I bought a P6 V8 which was stopped for 30 years. It had half the engine missing so I had to buy the remaining parts to build it up again. I did not do any big servicing, just changed oil, dizzy, plugs and I have managed to start it but only with fuel directly into the carbs.
I have gone through a few suggestions, but what I haven't done is service the carbs at all.
Once the car warms up a bit, it idles by itself. It's starting which is the problem. When however it is warm, I pull the choke and the revs increase. So this 'seems' to be working correctly.
Idle screw and choke screw set to what I think is stock settings.
It tires to start, but doesn't really have enough to tick over by itself.
I turned it on today (fuel directly in), let it warm up and then had a little fiddle. I turned the idle screw down to the minimum but the idles would only really go down to about 900rpm.
I also noticed that the right carb (looking from the front of the car), was hissing (sucking in) more air than the left one. The piston in the right one seemed to be slightly more open than the left too.

Any suggestions as to what to do? Dashpot oil in both.

Thanks
Andy
 
what carbs are fitted the HS6 or hif? bowl at the side with feed pipe jet are HS6.

sounds like the HIF's, I would give them a service or at least a good wash out in case old fuel has gummed them up.

Poor starting could be a number of things including a worn camshaft, tappets etc. If the valves don't open enough it is a pig to start but will run apparently well. start with the carbs and ignition/timing.

Colin
 
cfcrotweiller wrote,...
I also noticed that the right carb (looking from the front of the car), was hissing (sucking in) more air than the left one. The piston in the right one seemed to be slightly more open than the left too

Hi Andy,

It would be a really good idea to rebuild the carburettors completely, fit new seals, piston springs, floats etc, that way you have a known position in terms of where they are.

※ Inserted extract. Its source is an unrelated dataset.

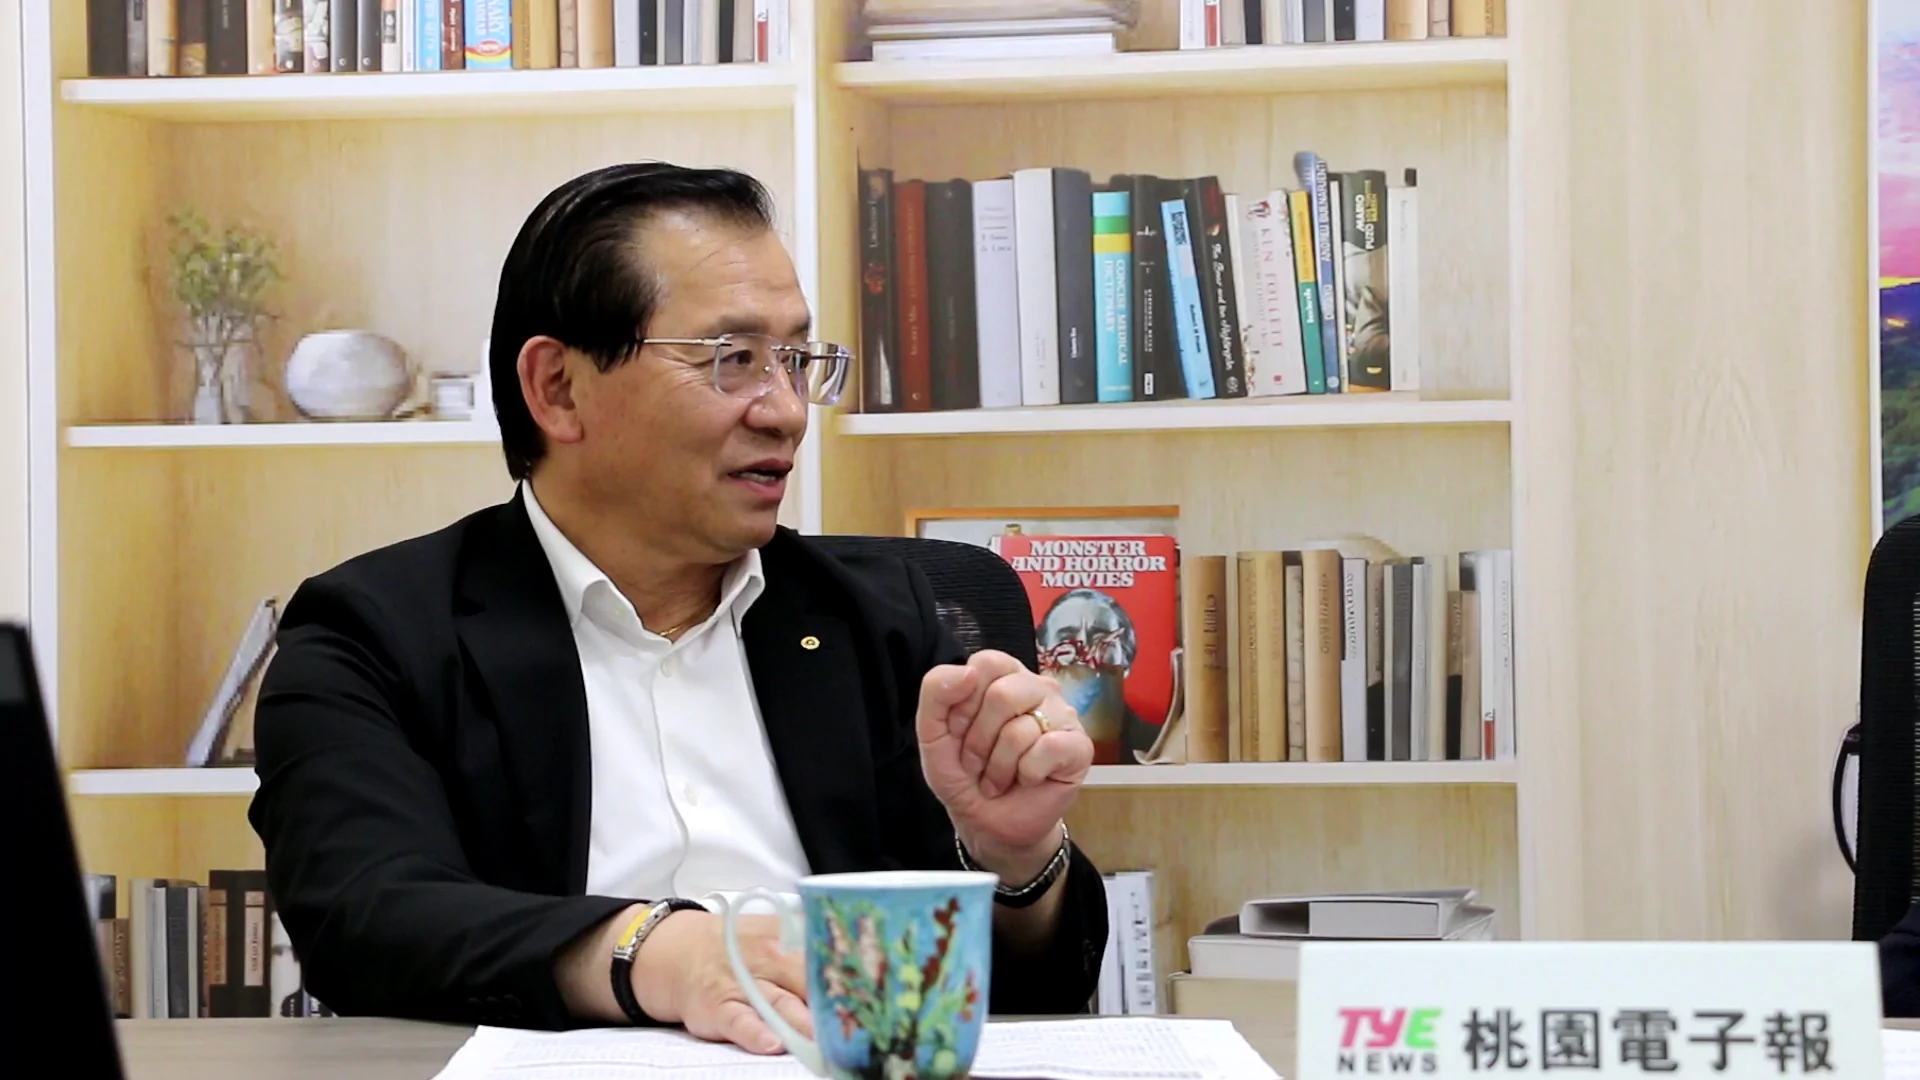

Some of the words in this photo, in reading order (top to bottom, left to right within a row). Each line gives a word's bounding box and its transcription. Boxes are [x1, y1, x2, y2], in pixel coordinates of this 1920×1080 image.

With oil in the dashpots you can then balance the carbs in terms of suction so that both draw the same volume of air. To do this the idle adjustment screws are altered in turn to achieve the desired outcome. Ideally, if you have a carburettor suction tool for providing a visual indicator, all the better.

Ron.
 
Hi guys,
Thanks for the suggestions.
As the car was bought with half the engine, I was mainly concerned in getting the complete engine together and getting it started.
Good news is, I got it started by itself today after a good 4 hours of thinking and experimenting!
I found out that the valve under the needle in the carb was not dropping when the choke was being opened. Basically, it was stuck and would not move when the choke cam moved. I took both carbs off, reset the mixture nut under the carb and just screwing the nut loosened it up and I was able to clean it and lube it correctly.
So, after many many problems and attempts at starting the car by itself, it finally now started by itself! Fantastic progress. Brakes are non existent as the brake fluid cristalized in the 30 years it stood still. So this is the next step for me!